━━━━━ STORED DATA ━━━━━
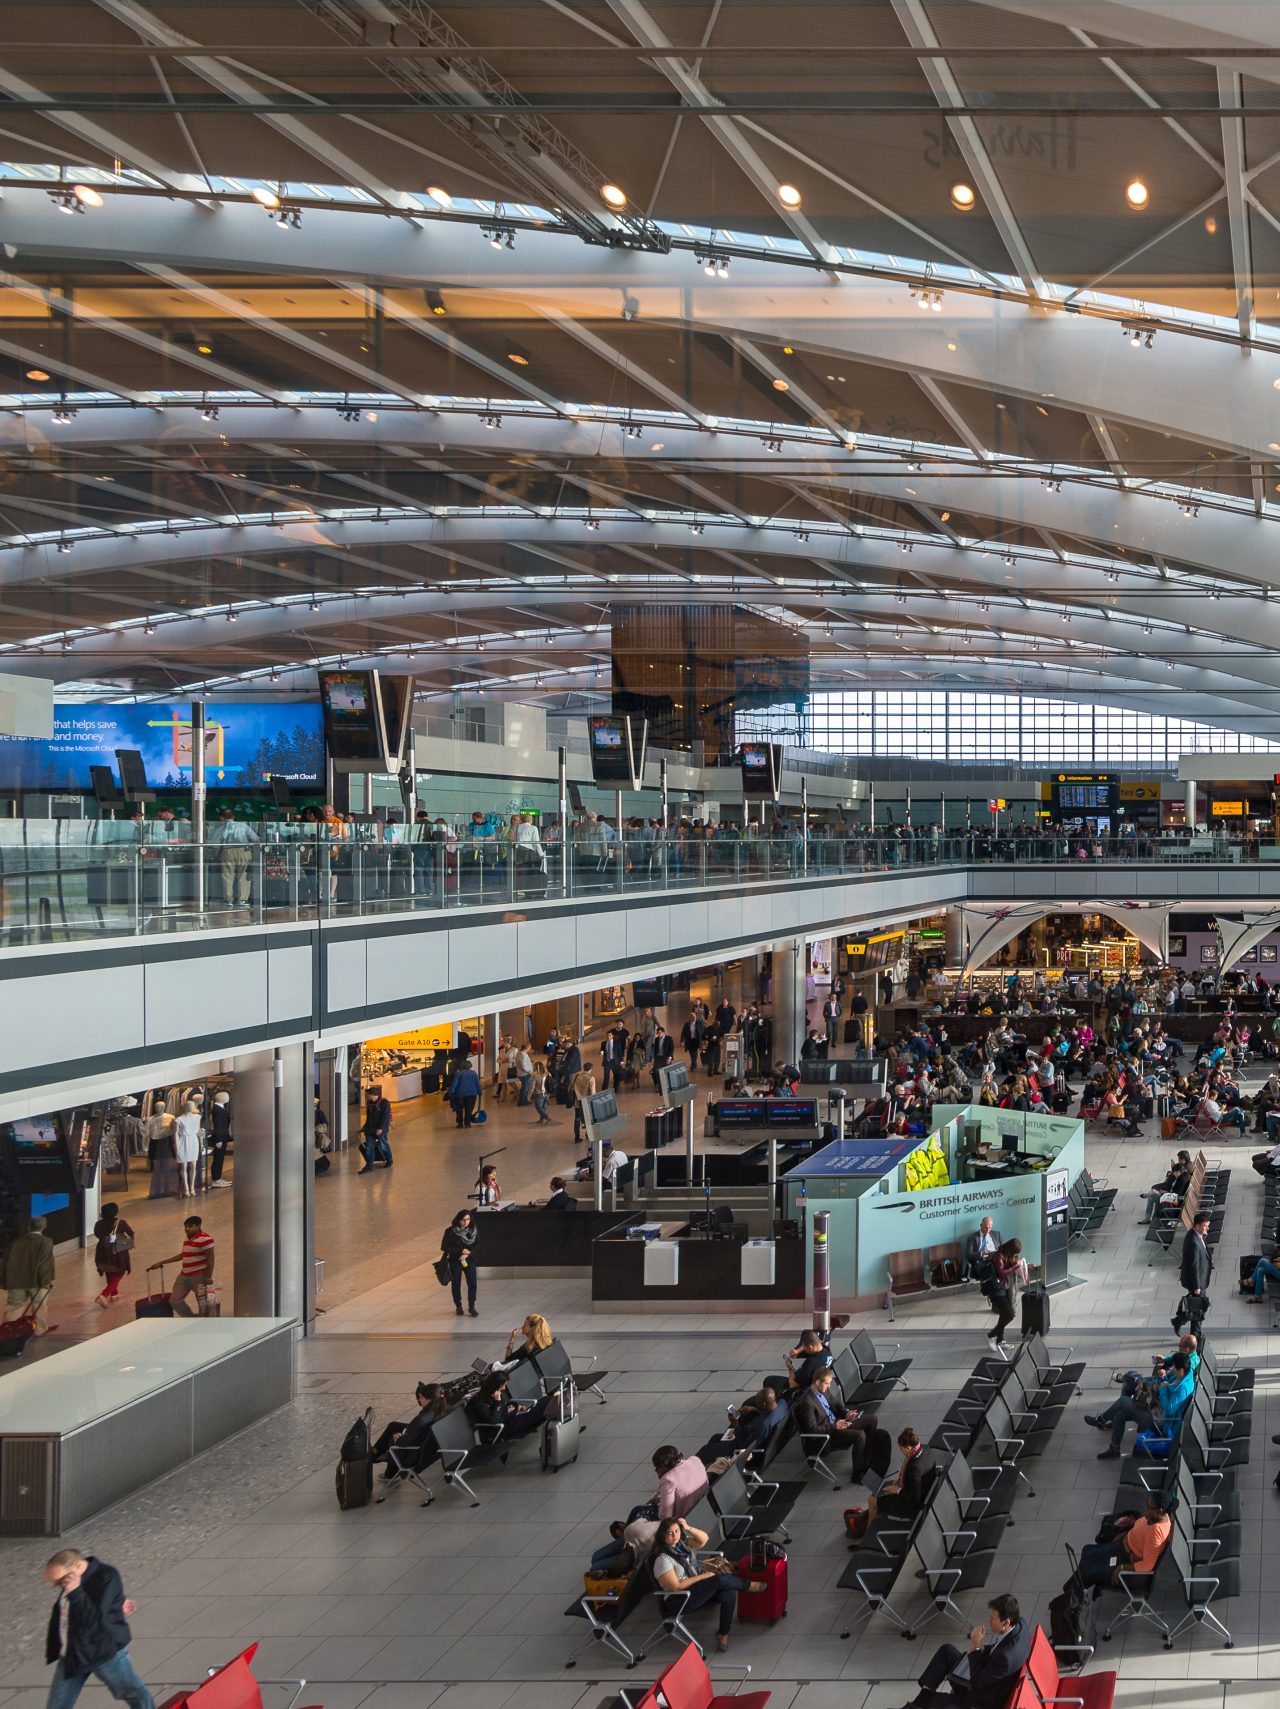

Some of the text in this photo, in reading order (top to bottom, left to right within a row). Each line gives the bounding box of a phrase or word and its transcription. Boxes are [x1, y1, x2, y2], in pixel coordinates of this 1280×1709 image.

[54, 720, 117, 731] that helps save
[54, 732, 71, 740] and
[74, 733, 105, 743] money.
[1056, 951, 1072, 961] PRET
[919, 1189, 1004, 1208] BRITISH AIRWAYS
[919, 1207, 962, 1220] Customer
[963, 1202, 999, 1214] Services
[1006, 1195, 1036, 1207] Central
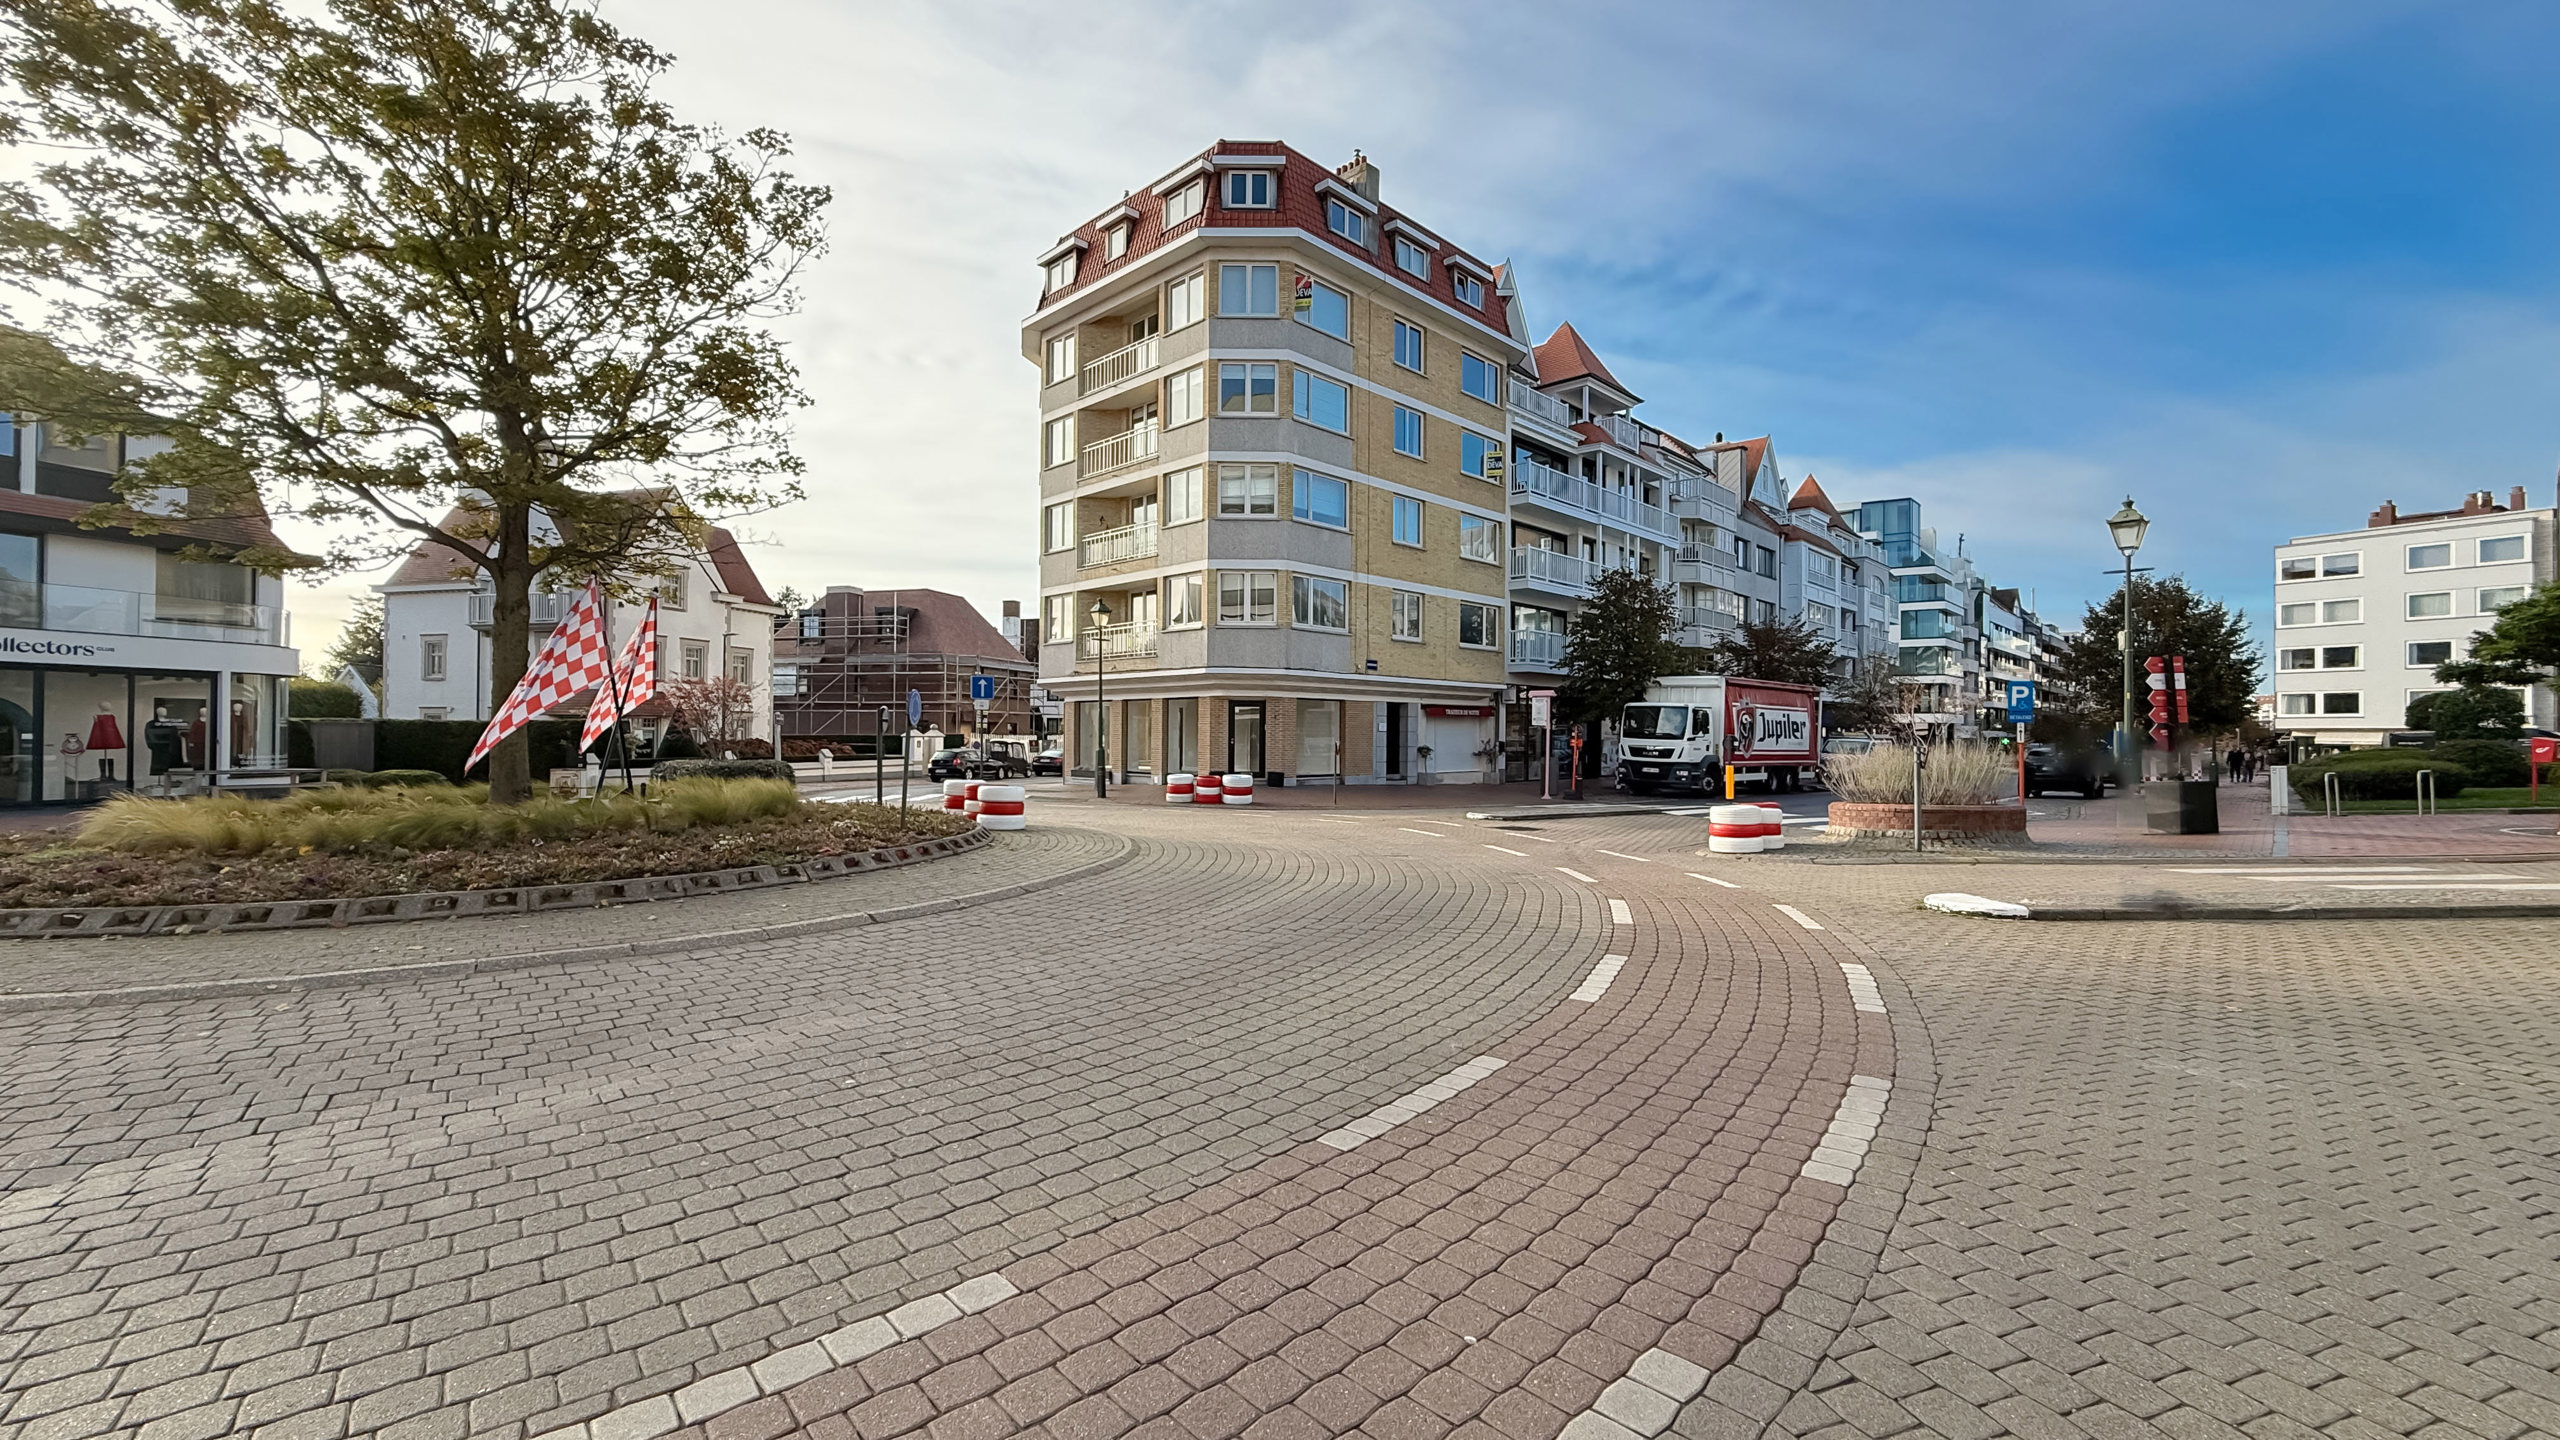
━━━━━
Each record should be printed again precisely, though not its pictures.

REPLY.
Some of the text in this photo, in reading order (top to bottom, left to right within a row). Each line gives the bounding box of a phrase or word and its transcription. Boxes are [x1, y1, x2, y2], in pixel coordinates of this 1280×1709 image.

[54, 720, 117, 731] that helps save
[54, 732, 71, 740] and
[74, 733, 105, 743] money.
[1056, 951, 1072, 961] PRET
[919, 1189, 1004, 1208] BRITISH AIRWAYS
[919, 1207, 962, 1220] Customer
[963, 1202, 999, 1214] Services
[1006, 1195, 1036, 1207] Central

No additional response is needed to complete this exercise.